*** Opening DATA SHOWN ***

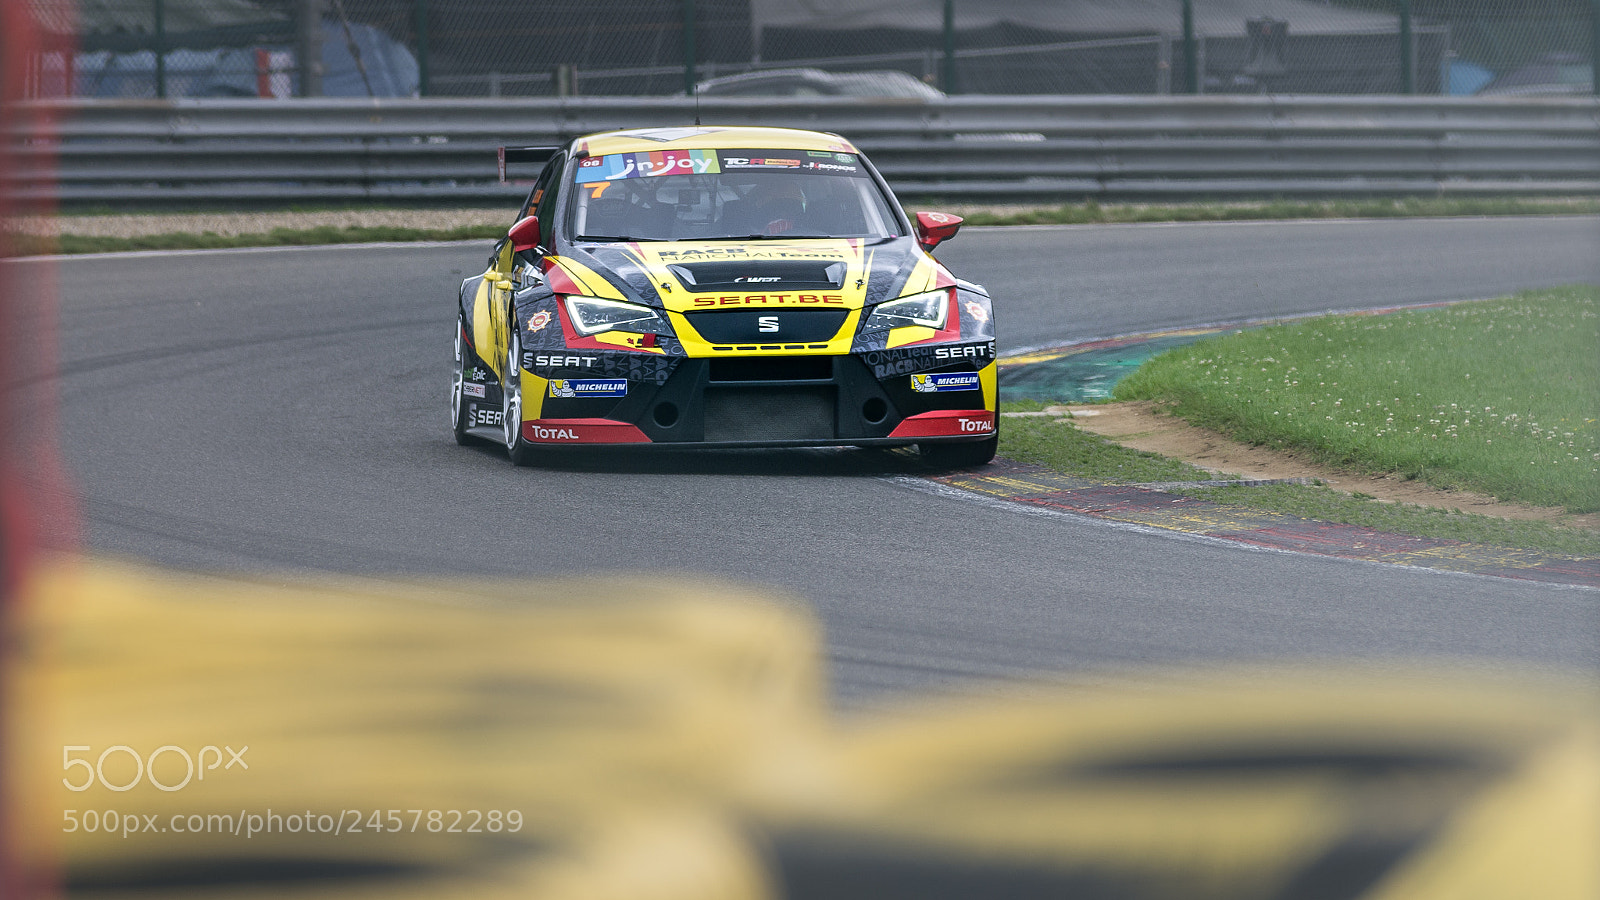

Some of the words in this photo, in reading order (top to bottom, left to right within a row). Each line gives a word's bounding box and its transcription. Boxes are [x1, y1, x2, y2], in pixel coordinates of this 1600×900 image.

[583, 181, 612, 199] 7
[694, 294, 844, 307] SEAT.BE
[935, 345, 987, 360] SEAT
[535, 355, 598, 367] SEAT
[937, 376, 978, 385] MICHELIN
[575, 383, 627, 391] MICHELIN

*** Closing DATA SHOWN ***

ABOUT THIS EXERCISE: Write out all the entries precisely as given, omitting each image.

RESULT OF THIS EXERCISE:
Some of the words in this photo, in reading order (top to bottom, left to right within a row). Each line gives a word's bounding box and its transcription. Boxes are [x1, y1, x2, y2], in pixel coordinates of this 1600×900 image.

[583, 181, 612, 199] 7
[694, 294, 844, 307] SEAT.BE
[935, 345, 987, 360] SEAT
[535, 355, 598, 367] SEAT
[937, 376, 978, 385] MICHELIN
[575, 383, 627, 391] MICHELIN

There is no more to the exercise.